→ Task objective: Return every line of the data that contains the string "VIDEO".

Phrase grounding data
########
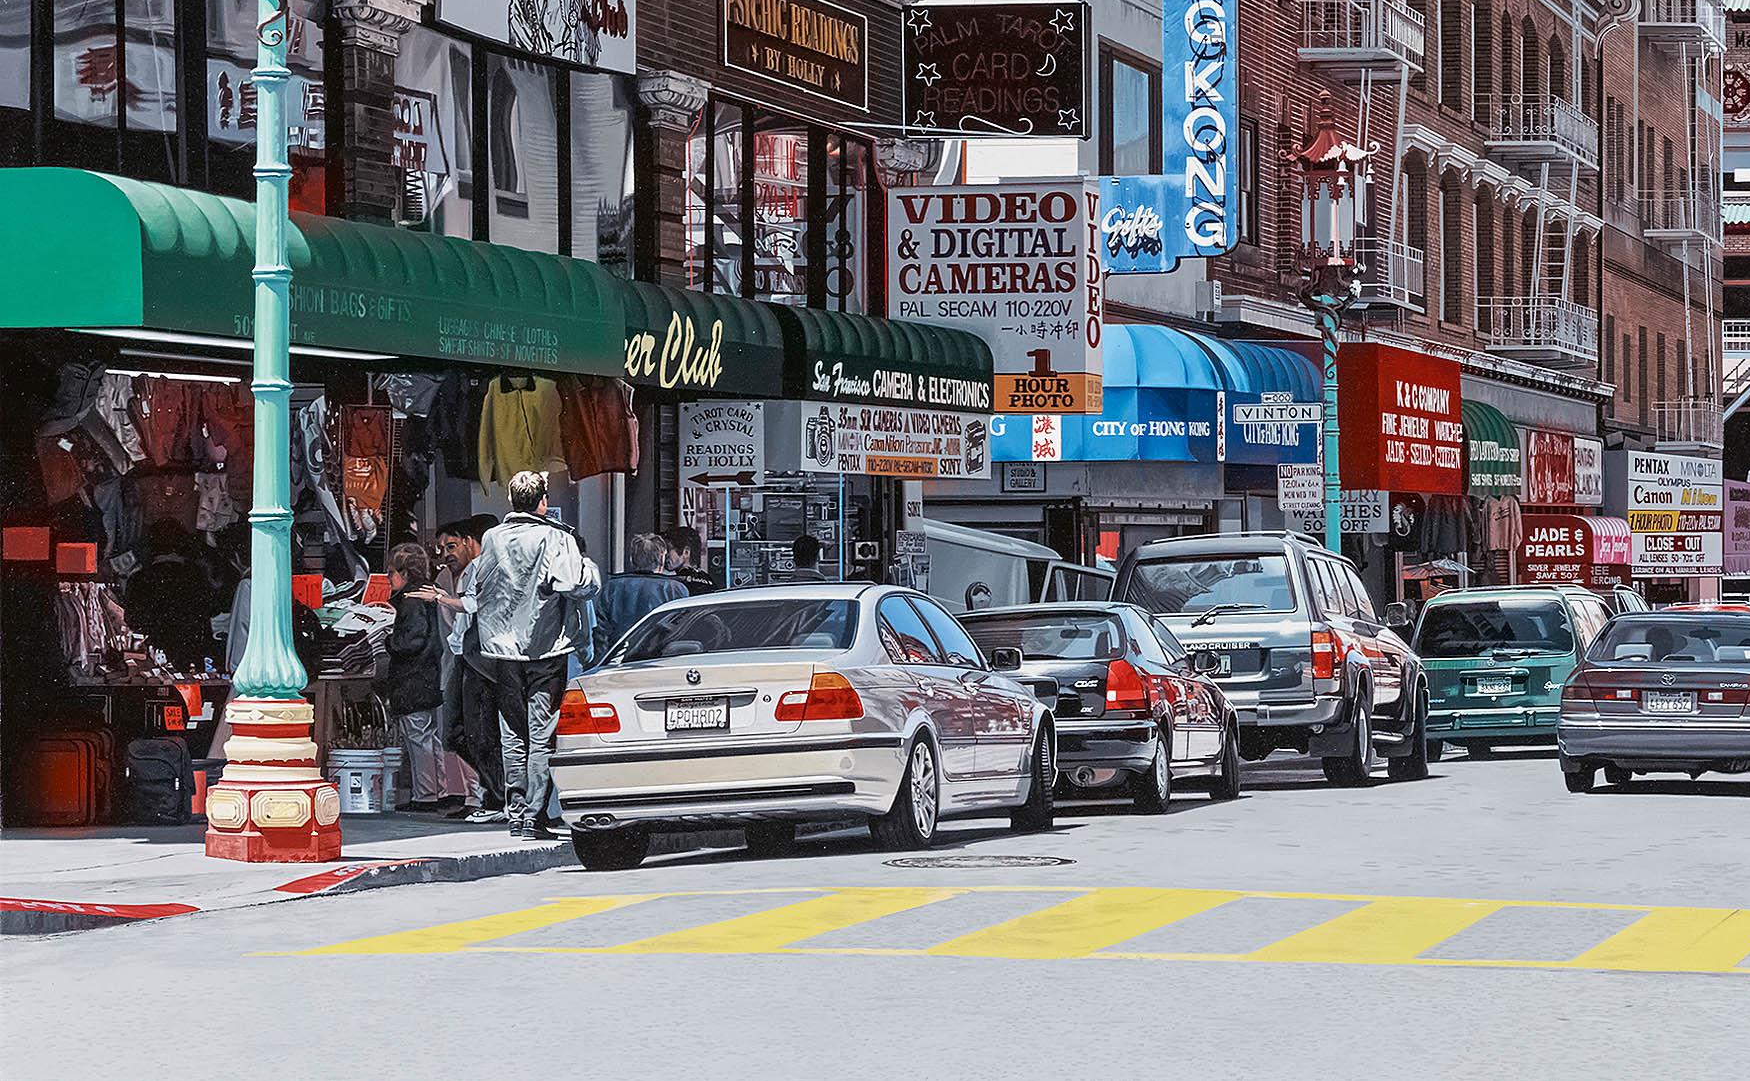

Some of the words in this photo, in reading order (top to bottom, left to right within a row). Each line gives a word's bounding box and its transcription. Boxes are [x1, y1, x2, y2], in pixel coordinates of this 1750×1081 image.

[790, 3, 860, 65] READINGS
[912, 17, 980, 56] PALM
[995, 14, 1075, 54] TAROT
[765, 47, 781, 73] BY
[786, 55, 825, 87] HOLLY
[952, 52, 1031, 82] CARD
[923, 87, 1060, 114] READINGS
[1184, 62, 1227, 247] KONG
[897, 192, 1077, 224] VIDEO
[1102, 204, 1163, 247] Gifts
[897, 228, 920, 260] &
[930, 227, 1077, 259] DIGITAL
[898, 261, 1077, 295] CAMERAS
[1085, 192, 1101, 349] VIDEO
[331, 289, 367, 318] BAGS
[900, 301, 931, 317] PAL
[938, 301, 998, 317] SECAM
[660, 310, 722, 389] Club
[1026, 348, 1057, 378] 1
[812, 360, 830, 392] San
[872, 369, 913, 401] CAMERA
[917, 378, 925, 403] &
[928, 376, 990, 409] ELECTRONICS
[1014, 378, 1071, 394] HOUR
[1009, 395, 1075, 408] PHOTO
[1396, 381, 1404, 407] K
[1405, 382, 1411, 407] &
[1418, 386, 1450, 415] COMPANY
[690, 407, 724, 425] TAROT
[727, 407, 754, 423] CARD
[873, 411, 903, 433] CAMERAS
[911, 413, 931, 434] VIDEO
[932, 415, 961, 436] CAMERAS
[1241, 407, 1312, 419] VINTON
[692, 429, 702, 440] &
[705, 419, 754, 438] CRYSTAL
[1092, 422, 1126, 437] CITY
[1130, 424, 1147, 436] OF
[1148, 422, 1185, 437] HONG
[1188, 422, 1210, 437] KONG
[1382, 413, 1398, 436] FINE
[1399, 415, 1430, 440] JEWELRY
[686, 444, 755, 455] READINGS
[864, 432, 884, 452] Canon
[884, 435, 904, 453] Nikon
[683, 456, 701, 467] BY
[708, 456, 756, 467] HOLLY
[838, 453, 860, 471] PENTAX
[939, 458, 961, 475] SONY
[1386, 440, 1406, 463] JADE
[1410, 443, 1432, 466] SEIKO
[1434, 445, 1461, 469] CITIZEN
[1280, 465, 1292, 478] NO
[1293, 467, 1320, 476] PARKING
[1634, 457, 1670, 475] PENTAX
[1680, 460, 1718, 478] MINOLTA
[1010, 478, 1036, 488] GALLERY
[1657, 477, 1692, 487] OLYMPUS
[1284, 491, 1295, 499] MON
[1296, 491, 1307, 499] WED
[1634, 485, 1673, 504] Canon
[1681, 488, 1717, 506] Nikon
[907, 501, 921, 518] SONY
[1340, 520, 1370, 531] OFF
[1636, 514, 1653, 531] HOUR
[1652, 514, 1674, 531] PHOTO
[1529, 528, 1569, 542] JADE
[1574, 528, 1584, 542] &
[1646, 536, 1675, 551] CLOSE
[1684, 538, 1701, 551] OUT
[1525, 544, 1585, 557] PEARLS
[1639, 553, 1650, 562] ALL
[1650, 553, 1668, 562] LENSES
[1696, 554, 1705, 562] OFF
[1527, 564, 1549, 572] SILVER
[1552, 564, 1581, 572] JEWELRY
[1655, 566, 1665, 574] ON
[1665, 566, 1674, 574] ALL
[1208, 642, 1251, 650] CRUISER
########
→ Answer area:
[897, 192, 1077, 224] VIDEO
[1085, 192, 1101, 349] VIDEO
[911, 413, 931, 434] VIDEO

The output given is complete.